Investment in Hong Kong commercial real estate up 27% to US$3.1b in Q3

Year-to-date investment is already 9% higher than in 2016.

Investors are channelling their capital into Asia Pacific, according to new figures released by JLL. Inter-regional investors remained active as they target India, China and Australia, with continued appetite from international funds for real estate in the region. In Hong Kong, a flurry of activity from offshore capital helped boost third quarter volumes to US$3.1 billion, up 27 per cent year-on-year and bringing year-to-date investment up nine per cent compared to 2016.

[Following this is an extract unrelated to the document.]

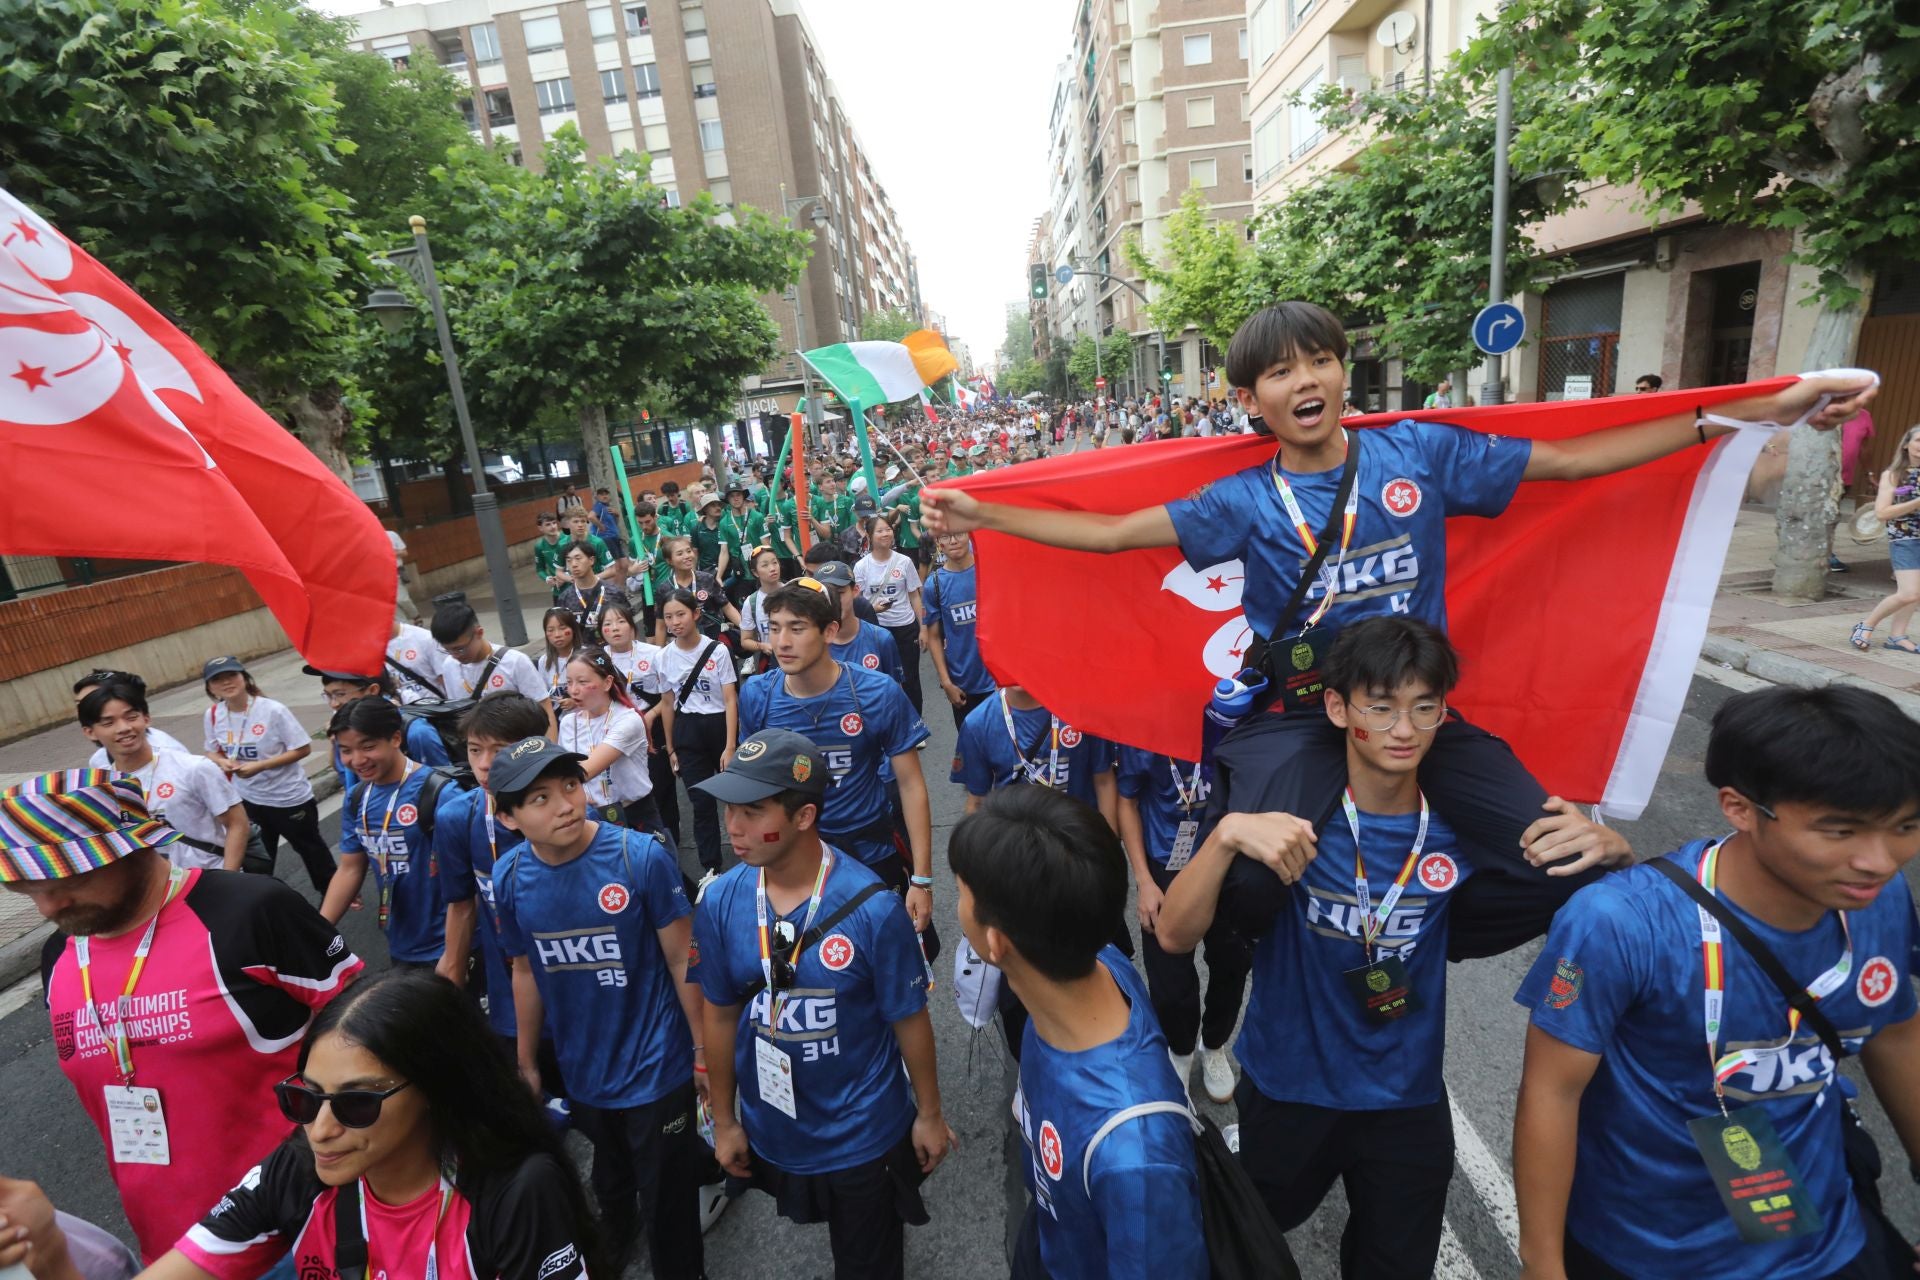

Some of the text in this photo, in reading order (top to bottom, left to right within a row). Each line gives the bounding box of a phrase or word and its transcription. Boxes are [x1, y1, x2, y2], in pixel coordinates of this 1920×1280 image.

Cathie Chung, Regional Director of Research at JLL in Hong Kong, said: “In 3Q17, a number of mega deals were recorded in the retail sector, which is close to bottoming out, and industrial sector in anticipation of the Government’s review of the revitalisation scheme. Investors’ interest in the mega office deal however is not muted. We understand that a number of PRC investors are reportedly in the final stages of negotiating large en-bloc purchases and we expect some of these to complete. In most cases, however, the buyers are listed offshore, hence the weight of the capital controls is unlikely to be as strong.”

Global transaction volumes for Q3 came in at US$166 billion, with no change compared to the same time last year. Meanwhile, transaction volumes in Asia Pacific rose by six per cent compared to the third quarter last year, at US$35 billion. This brought Asia Pacific’s year-to-date volumes to US$95.8 billion, 11 per cent higher than this time last year.